PRIVACY PRESERVING LOCATION DATA PUBLISHING: A MACHINE LEARNING APPROACH
Keywords:
Location Privacy, Spatiotemporal Data', K-Anonymity, Machine Learning, Clustering, Sequence Alignment, Generalization, Data Anonymization, Privacy Preservation, GPS TrajectoriesAbstract
In an era where mobile and online applications continuously record user location data, safeguarding user privacy during data publication has become increasingly critical. Spatiotemporal trajectory datasets, while valuable for research and decision-making, pose significant privacy risks as adversaries may exploit quasi-identifiers or external data sources to re-identify individuals. Traditional privacy-preserving techniques such as k-anonymity and data perturbation, though helpful, often fall short against modern inference attacks. In this study, we propose a robust Machine Learning-based Anonymization (MLA) framework designed to preserve user privacy while maintaining data utility.
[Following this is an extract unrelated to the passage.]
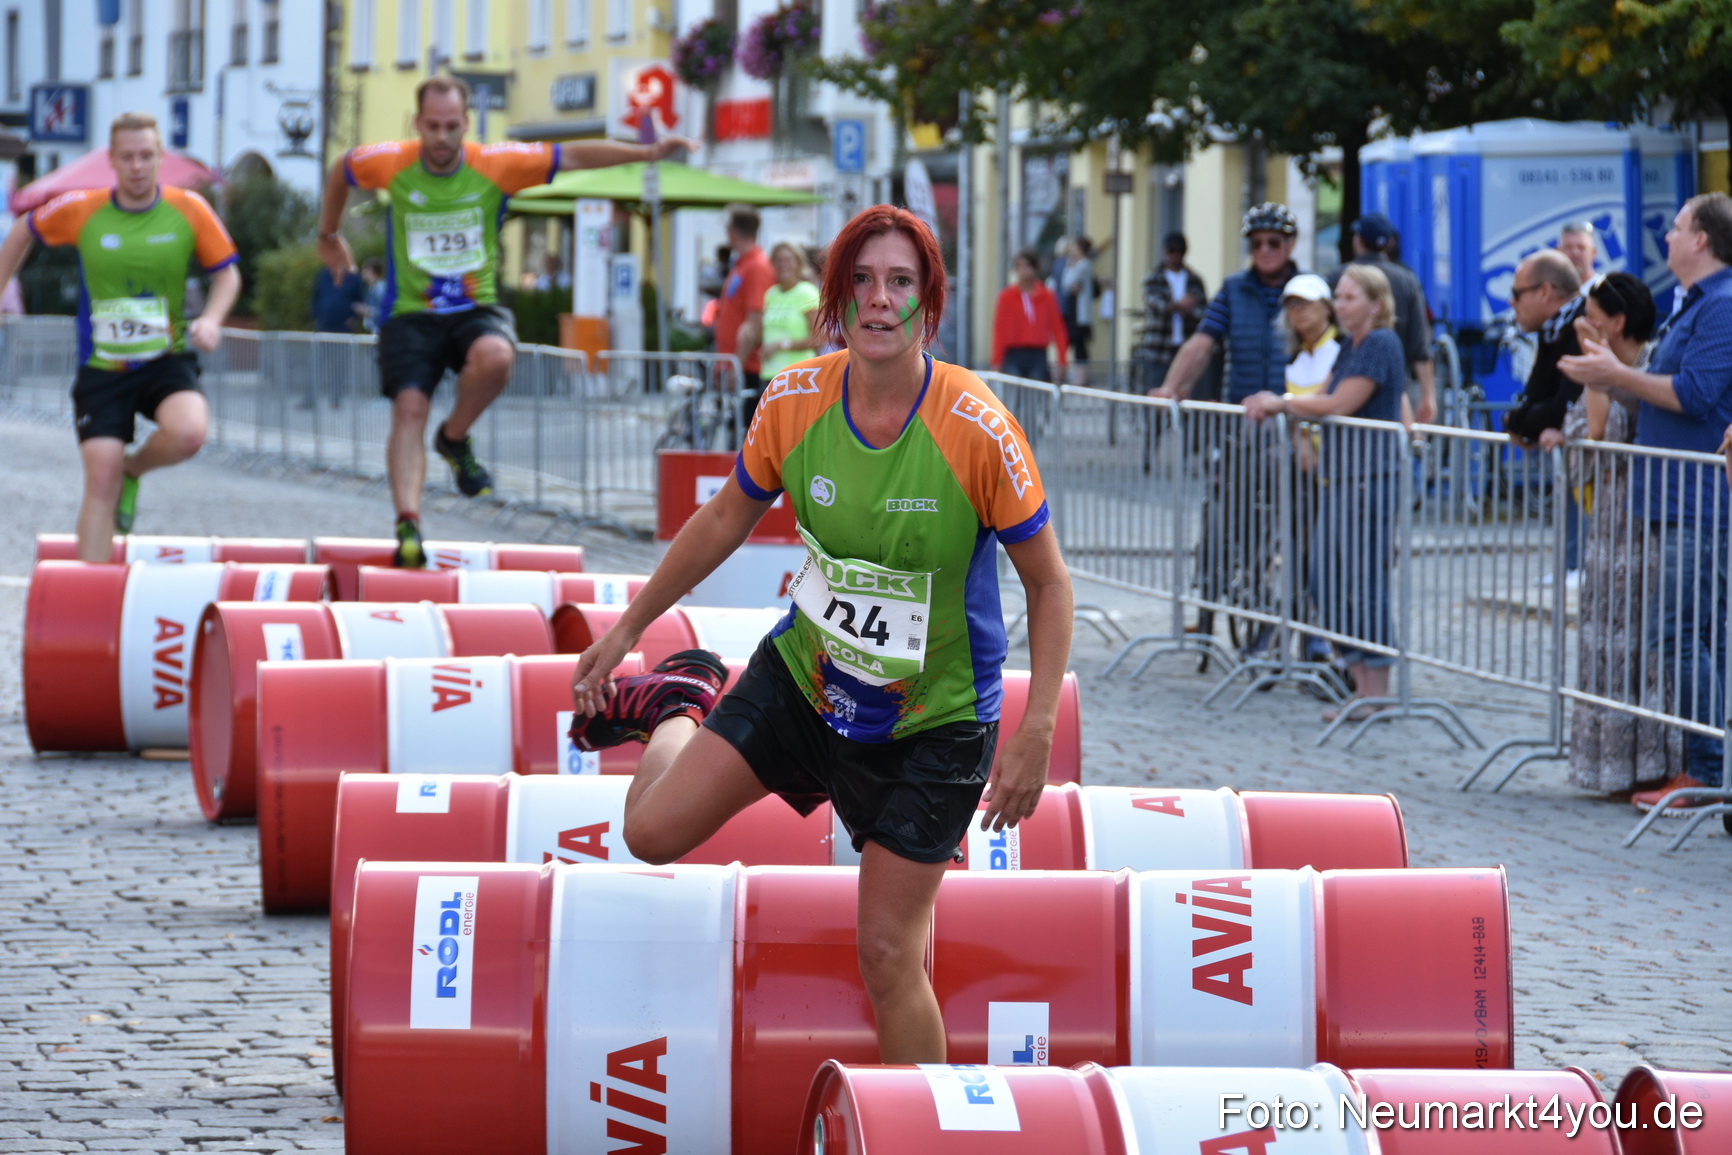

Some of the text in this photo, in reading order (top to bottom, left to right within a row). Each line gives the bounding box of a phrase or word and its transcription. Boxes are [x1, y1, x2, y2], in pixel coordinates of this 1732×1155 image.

[425, 233, 467, 252] 129
[951, 391, 1033, 500] BOCK
[886, 498, 938, 512] BOCK
[911, 614, 923, 623] E6
The proposed system integrates three core components: clustering using a modified K-Means algorithm, dynamic sequence alignment (Heuristic Clustering), and location generalization to anonymize GPS trajectories. Our model processes real-world datasets including T-Drive and Geolife, and demonstrates improved resistance to probabilistic attacks while preserving trajectory utility and ensuring k-anonymity. Comparative analysis between K-Means and heuristic approaches validates the effectiveness of our system in minimizing information loss and enhancing location data security.